• _ACTION ITEM_
Below are records; transcribe only the line with "this 1600×1066 image." and those after it, through the last line, without any change.
===== RECORDS PROVIDED
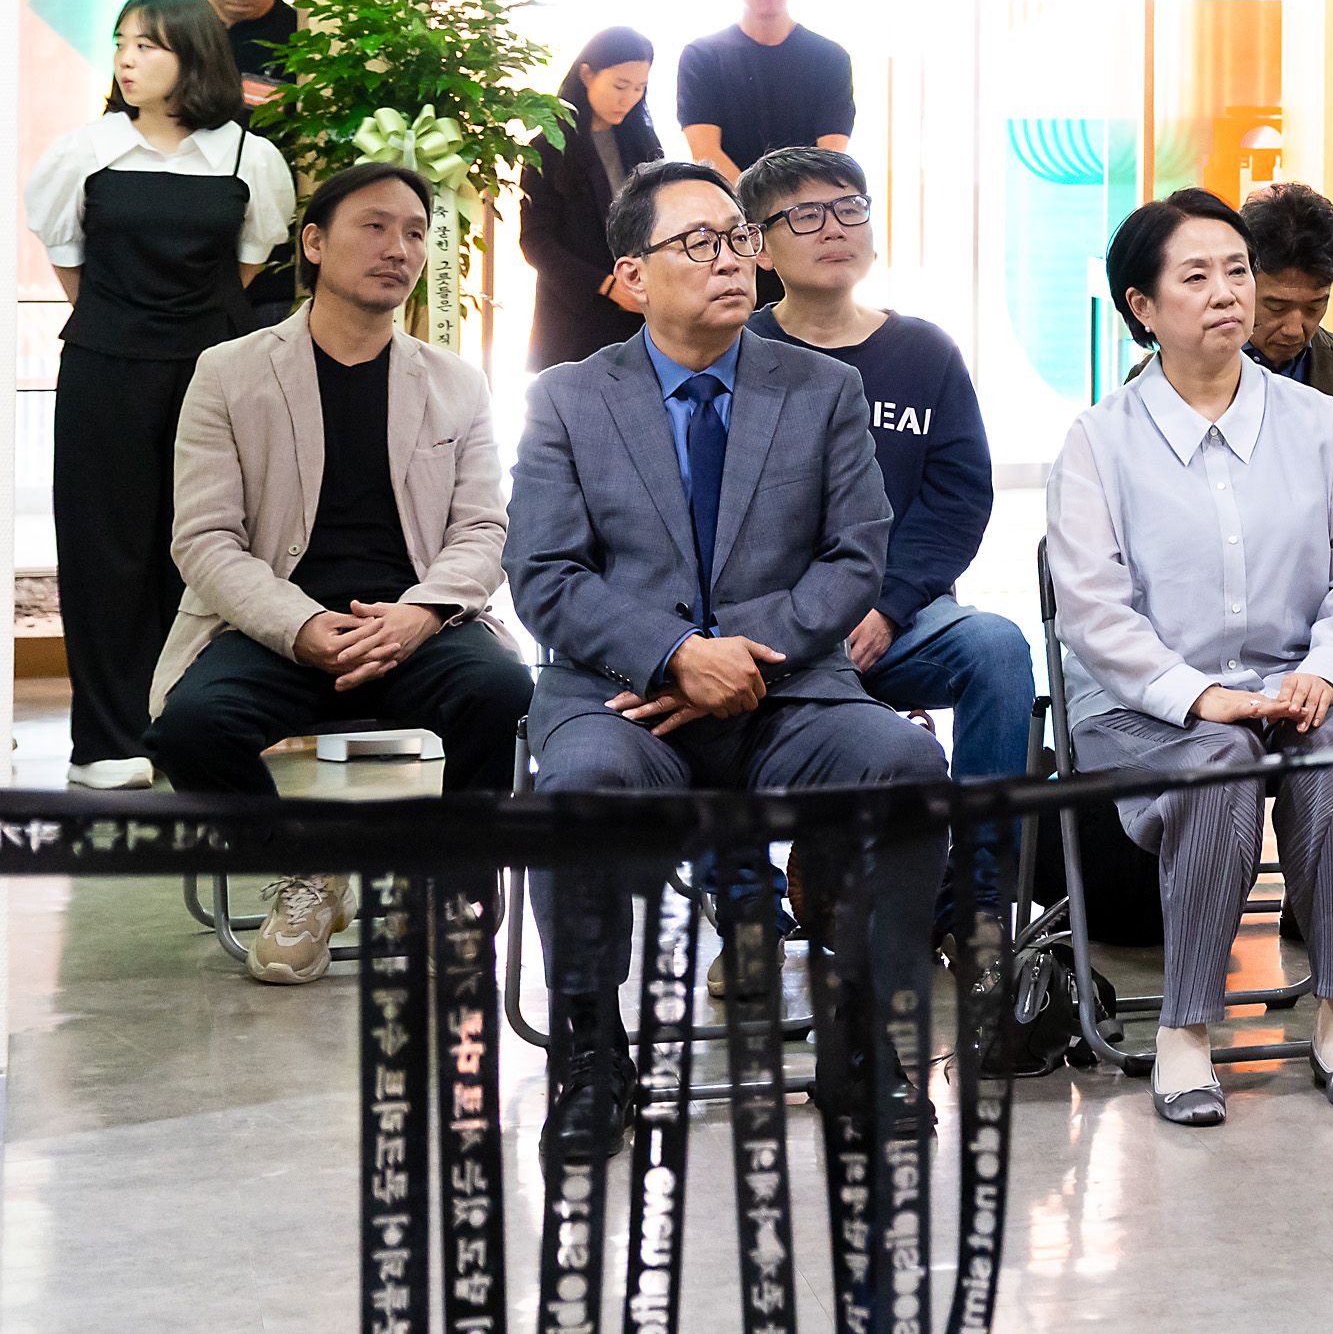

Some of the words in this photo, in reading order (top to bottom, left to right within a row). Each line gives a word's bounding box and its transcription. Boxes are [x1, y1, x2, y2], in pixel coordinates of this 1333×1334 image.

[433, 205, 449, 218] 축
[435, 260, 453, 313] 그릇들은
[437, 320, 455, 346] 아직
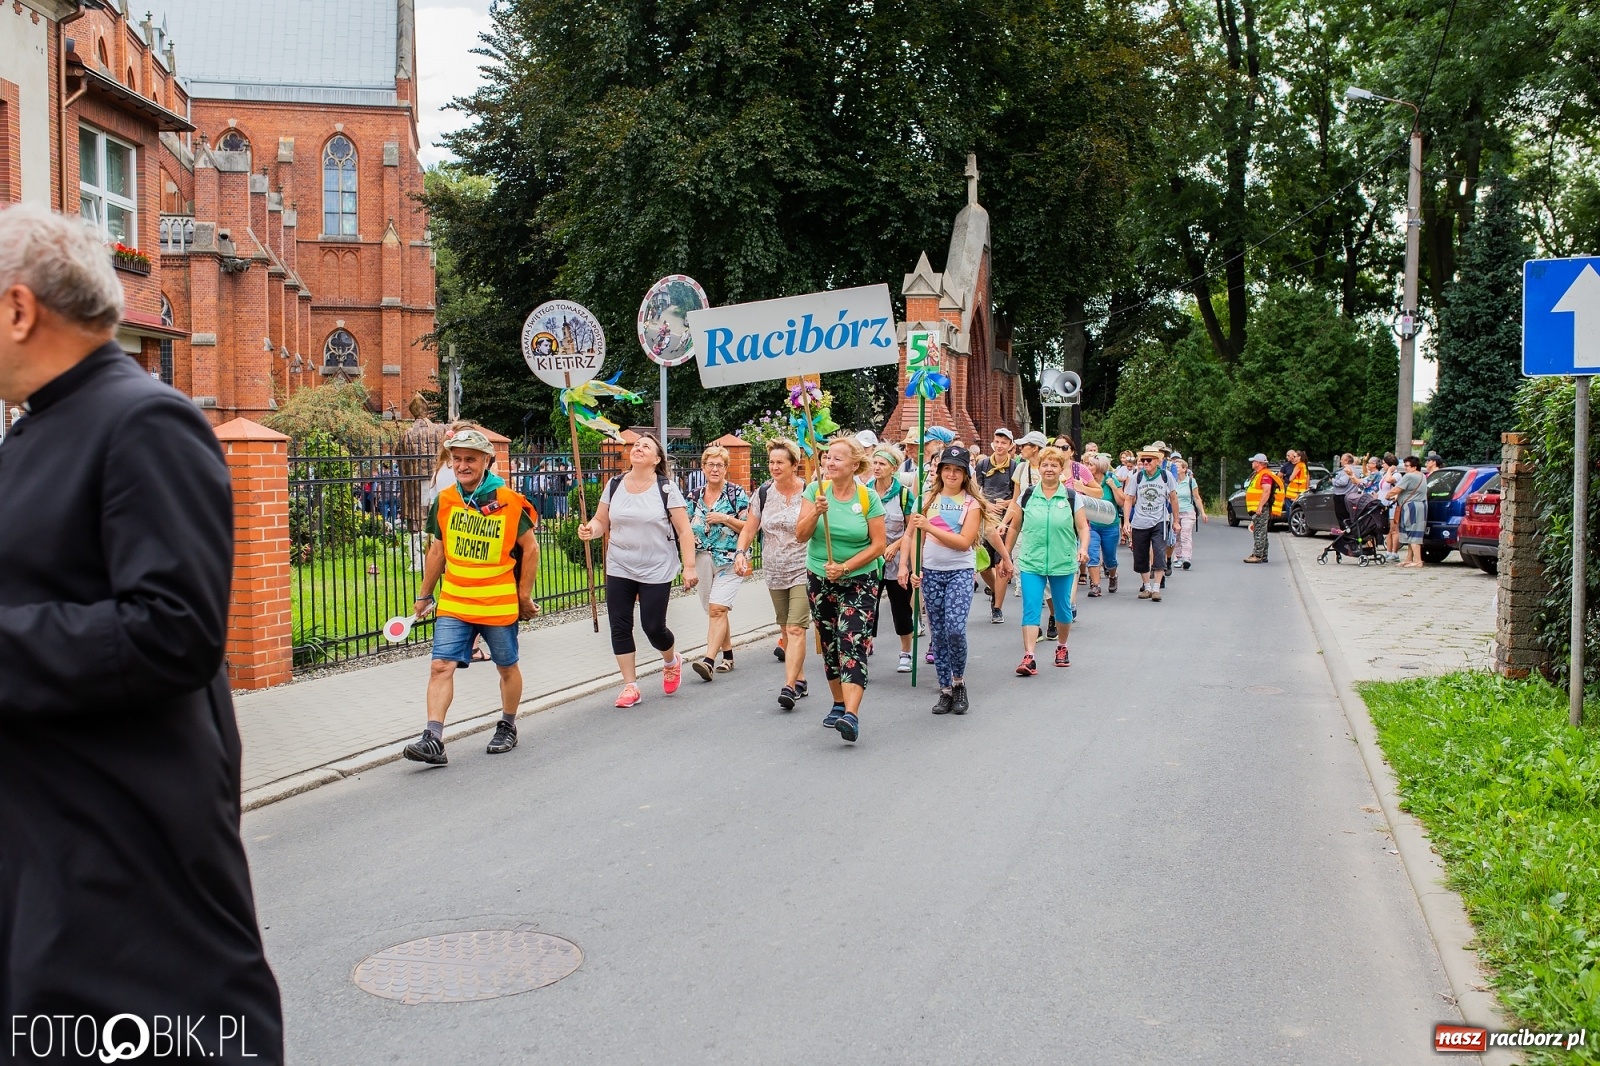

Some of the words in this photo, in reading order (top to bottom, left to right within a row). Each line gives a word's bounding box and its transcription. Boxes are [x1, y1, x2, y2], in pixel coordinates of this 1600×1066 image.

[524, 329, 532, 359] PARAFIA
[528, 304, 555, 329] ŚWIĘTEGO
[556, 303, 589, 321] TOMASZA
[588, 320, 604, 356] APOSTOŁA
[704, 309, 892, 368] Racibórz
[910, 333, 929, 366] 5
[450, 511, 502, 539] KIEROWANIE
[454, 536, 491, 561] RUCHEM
==========
• _WRITTEN RESPONSE_
Some of the words in this photo, in reading order (top to bottom, left to right within a row). Each line gives a word's bounding box and its transcription. Boxes are [x1, y1, x2, y2], in pixel coordinates of this 1600×1066 image.

[524, 329, 532, 359] PARAFIA
[528, 304, 555, 329] ŚWIĘTEGO
[556, 303, 589, 321] TOMASZA
[588, 320, 604, 356] APOSTOŁA
[704, 309, 892, 368] Racibórz
[910, 333, 929, 366] 5
[450, 511, 502, 539] KIEROWANIE
[454, 536, 491, 561] RUCHEM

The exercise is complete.